UN inspectors arrive in Iran for crunch nuclear talks

February 20, 2012 | Middle East, Politics & Social Unrest

IAEA_Vienna_HQ

Senior U.N. inspectors arrived in Iran on Monday to push for transparency about its disputed nuclear program, a day after Tehran responded defiantly to tightened EU sanctions by halting oil sales to British and French companies.

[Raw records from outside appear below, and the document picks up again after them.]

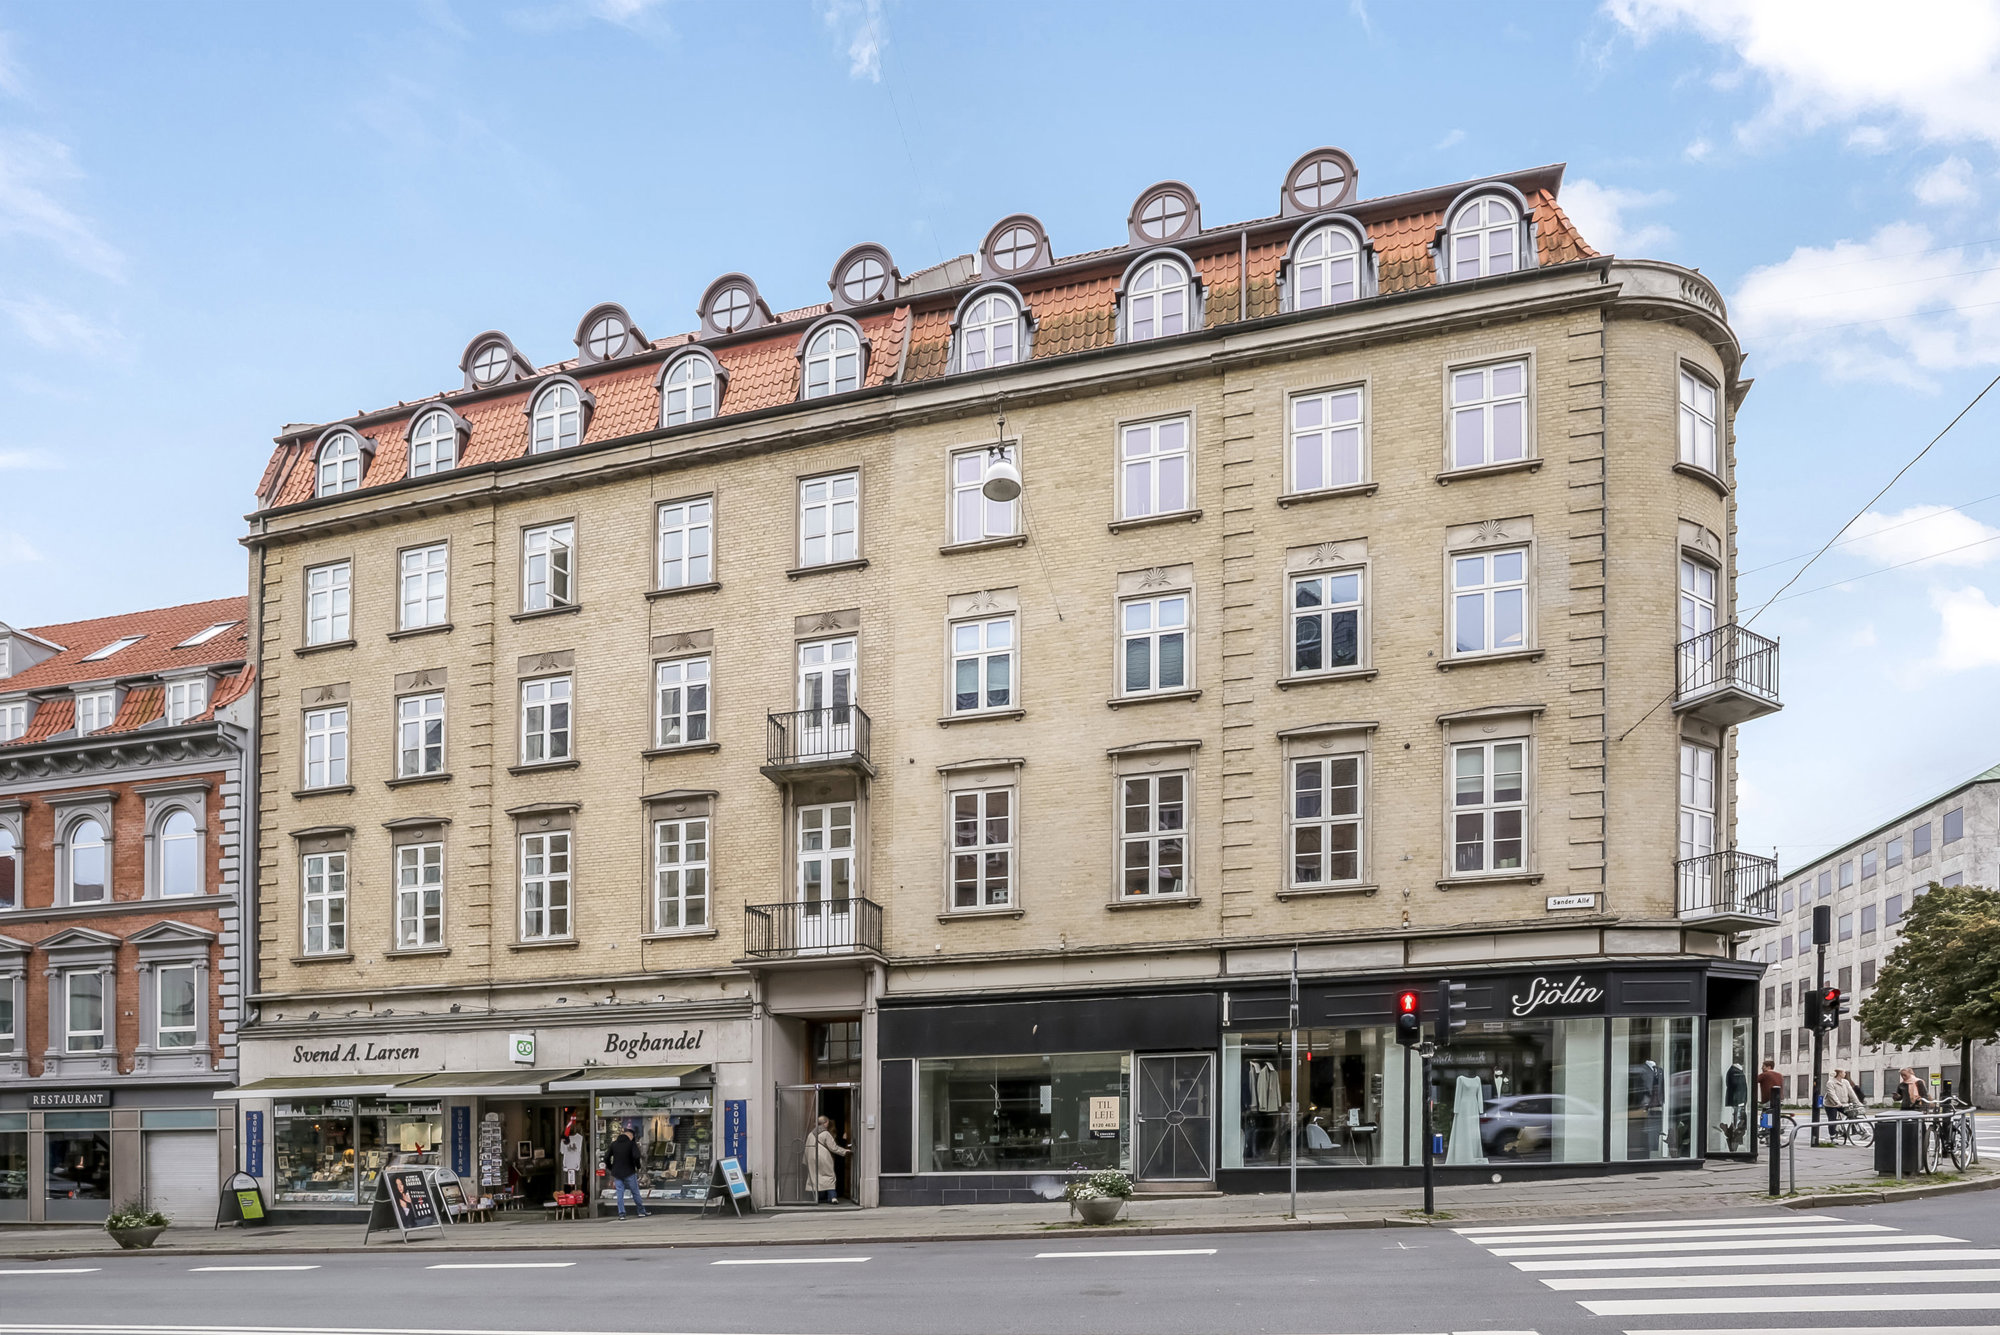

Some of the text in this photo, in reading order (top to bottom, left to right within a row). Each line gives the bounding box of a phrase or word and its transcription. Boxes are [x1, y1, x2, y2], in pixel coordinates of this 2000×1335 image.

[1512, 975, 1604, 1016] Sjölin
[604, 1029, 704, 1059] Boghandel
[293, 1042, 420, 1063] Svend A. Larsen
[33, 1094, 103, 1104] RESTAURANT
[1097, 1101, 1112, 1109] TIL
[1095, 1111, 1114, 1119] LEJE
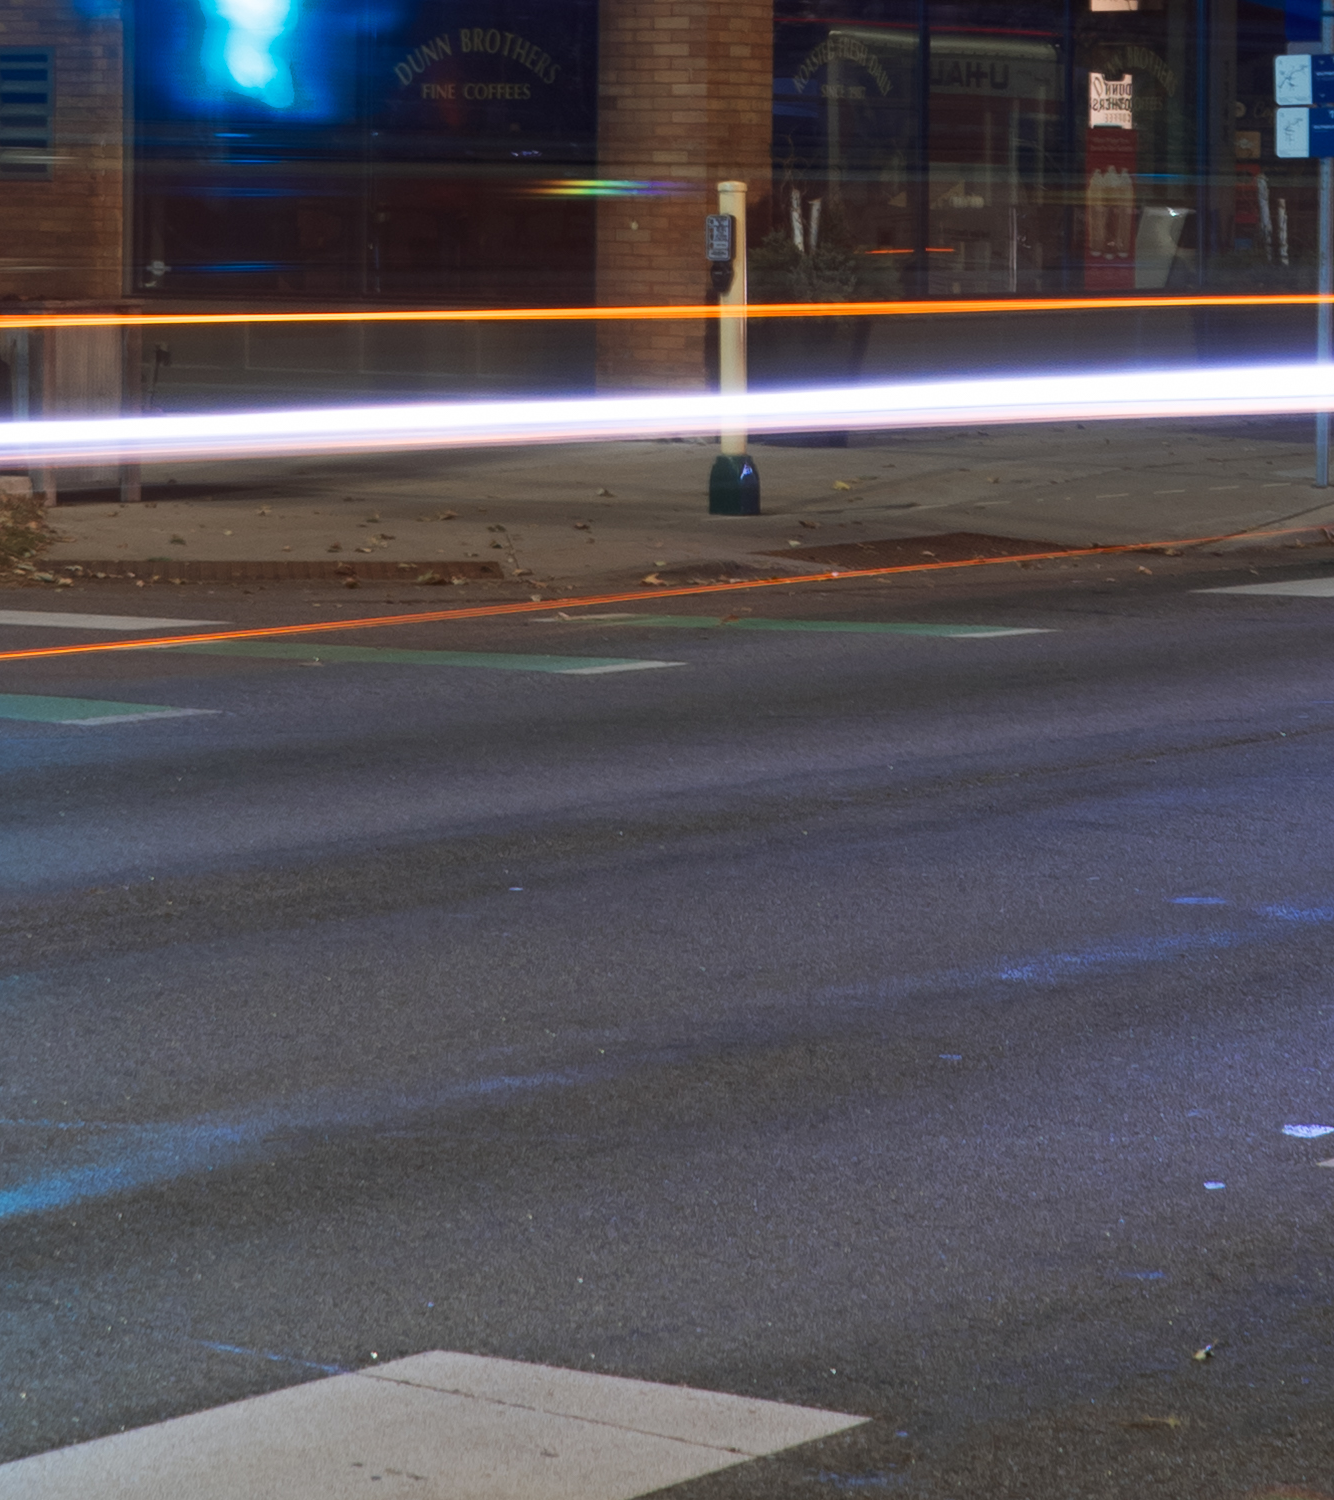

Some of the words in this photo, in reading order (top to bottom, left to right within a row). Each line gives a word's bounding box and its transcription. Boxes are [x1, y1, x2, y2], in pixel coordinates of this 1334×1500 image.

[393, 33, 453, 86] DUNN
[460, 27, 562, 85] BROTHERS
[421, 83, 456, 100] FINE
[463, 83, 531, 100] COFFEES

Iran denies Western allegations that it is covertly seeking the means to build nuclear weapons and has again vowed no nuclear retreat in recent weeks, but also voiced willingness to resume negotiations with world powers without preconditions.

The five-member team from the International Atomic Energy Agency, led by its global inspectorate chief Herman Nackaerts, planned two days of meetings in another effort to extract answers from Iran regarding intelligence suggesting its declared civilian nuclear program is a facade for developing bombs.

Nackaerts said on departure from Vienna that he wanted “concrete results” from the talks. His delegation was expected to seek, among other things, to question Iranian nuclear scientists and visit the Parchin military base believed to have been used for high-explosive tests relevant to nuclear warheads.

But Foreign Minister Ali Akbar Salehi dampened speculation about such visits when he told the student news agency ISNA that the IAEA officials would not be going to any nuclear sites. “No. Their work has just begun,” Salehi said.